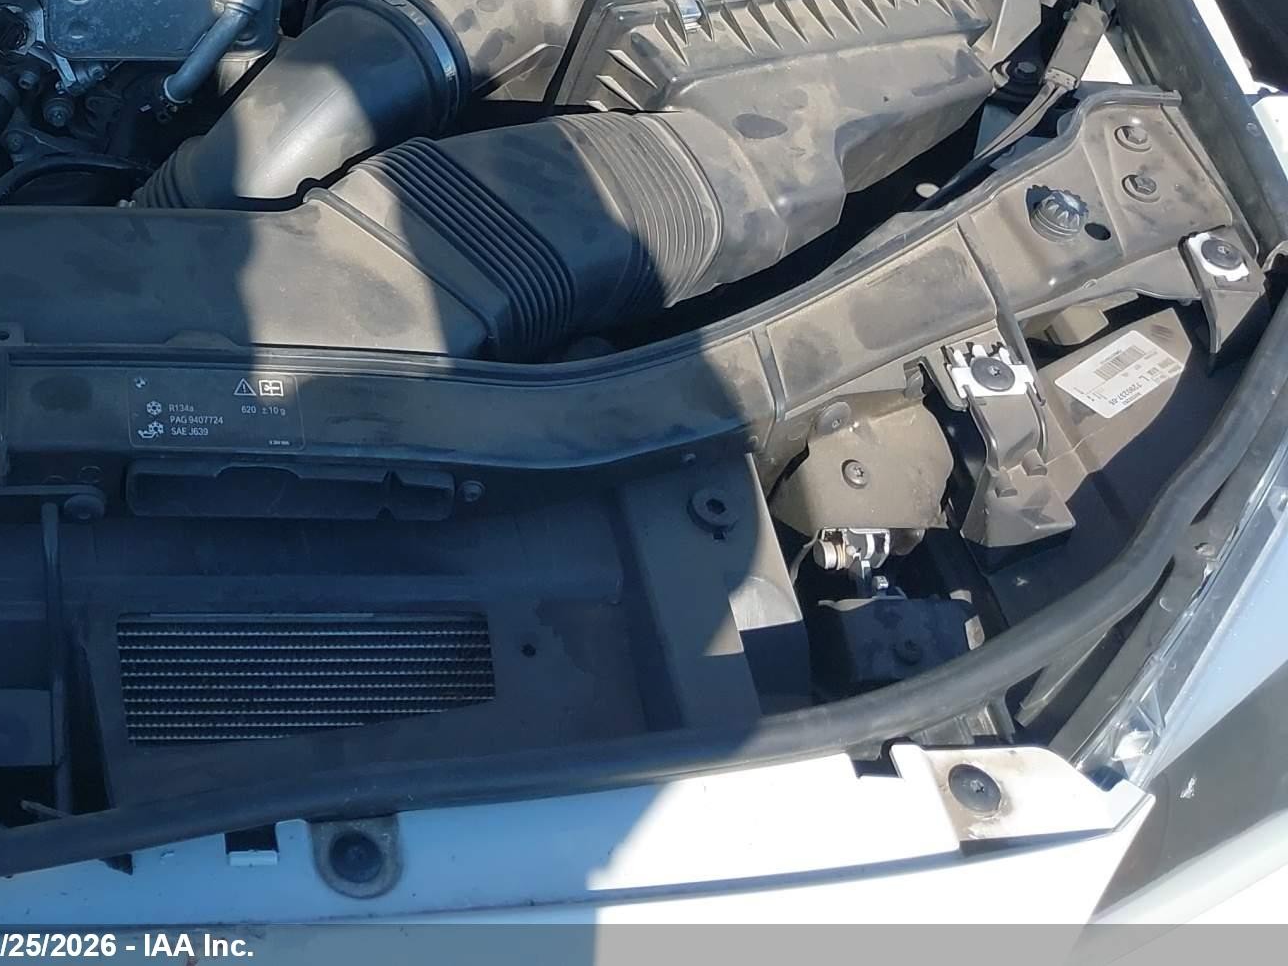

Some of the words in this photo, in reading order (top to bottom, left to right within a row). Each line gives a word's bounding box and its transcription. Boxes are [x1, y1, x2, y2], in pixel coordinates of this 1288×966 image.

[168, 403, 194, 413] R134a
[241, 405, 257, 415] 620
[170, 415, 188, 425] PAG
[189, 415, 224, 425] 9407724
[171, 427, 188, 436] SAE
[189, 427, 209, 436] J639
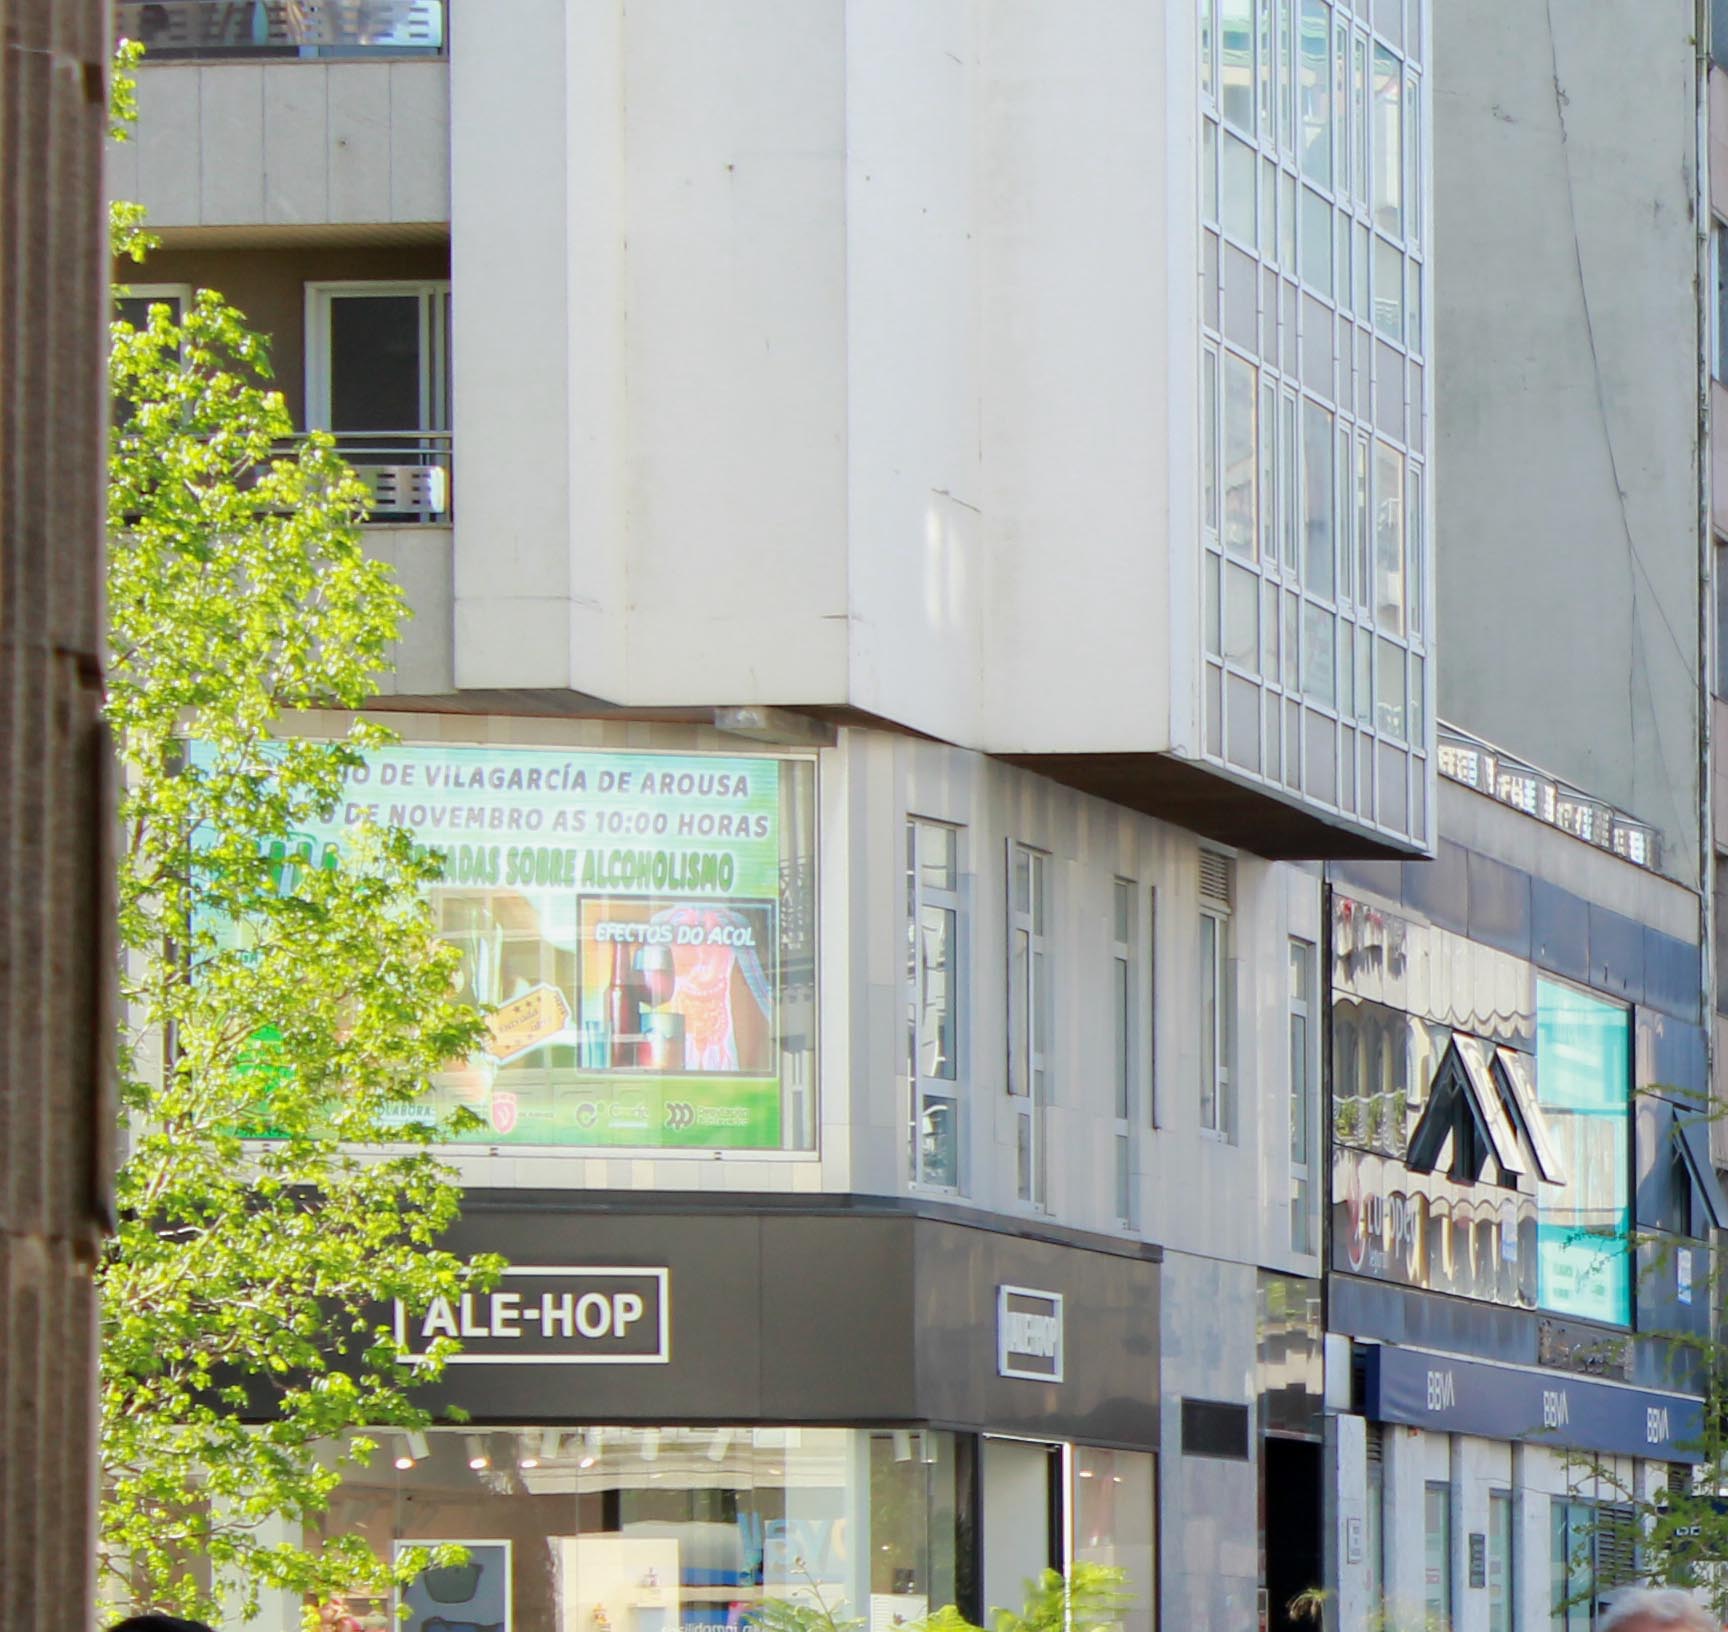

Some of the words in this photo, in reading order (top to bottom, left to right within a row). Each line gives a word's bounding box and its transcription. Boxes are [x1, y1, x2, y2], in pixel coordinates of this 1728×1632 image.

[380, 763, 416, 785] DE
[425, 764, 587, 792] VILAGARCÍA
[598, 771, 632, 792] DE
[641, 772, 748, 797] AROUSA
[389, 804, 544, 831] NOVEMBRO
[552, 810, 585, 832] AS
[595, 811, 668, 834] 10:00
[678, 814, 769, 838] HORAS
[507, 847, 577, 887] SOBRE
[582, 849, 734, 892] ALCOHOLISMO
[595, 922, 673, 944] EFECTOS
[677, 926, 703, 945] DO
[707, 926, 756, 946] ACOL
[421, 1293, 643, 1338] ALE-HOP
[1427, 1371, 1454, 1411] BBVA
[1543, 1389, 1568, 1427] BBVA
[1647, 1406, 1669, 1443] BBVA

──────────────────────────────

I'd like the material repeated word for word, without the pictures it holds.

EXERCISE RESPONSE
Some of the words in this photo, in reading order (top to bottom, left to right within a row). Each line gives a word's bounding box and its transcription. Boxes are [x1, y1, x2, y2], in pixel coordinates of this 1288×966 image.

[168, 403, 194, 413] R134a
[241, 405, 257, 415] 620
[170, 415, 188, 425] PAG
[189, 415, 224, 425] 9407724
[171, 427, 188, 436] SAE
[189, 427, 209, 436] J639

Some of the words in this photo, in reading order (top to bottom, left to right within a row). Each line gives a word's bounding box and its transcription. Boxes are [x1, y1, x2, y2], in pixel coordinates of this 1728×1632 image.

[380, 763, 416, 785] DE
[425, 764, 587, 792] VILAGARCÍA
[598, 771, 632, 792] DE
[641, 772, 748, 797] AROUSA
[389, 804, 544, 831] NOVEMBRO
[552, 810, 585, 832] AS
[595, 811, 668, 834] 10:00
[678, 814, 769, 838] HORAS
[507, 847, 577, 887] SOBRE
[582, 849, 734, 892] ALCOHOLISMO
[595, 922, 673, 944] EFECTOS
[677, 926, 703, 945] DO
[707, 926, 756, 946] ACOL
[421, 1293, 643, 1338] ALE-HOP
[1427, 1371, 1454, 1411] BBVA
[1543, 1389, 1568, 1427] BBVA
[1647, 1406, 1669, 1443] BBVA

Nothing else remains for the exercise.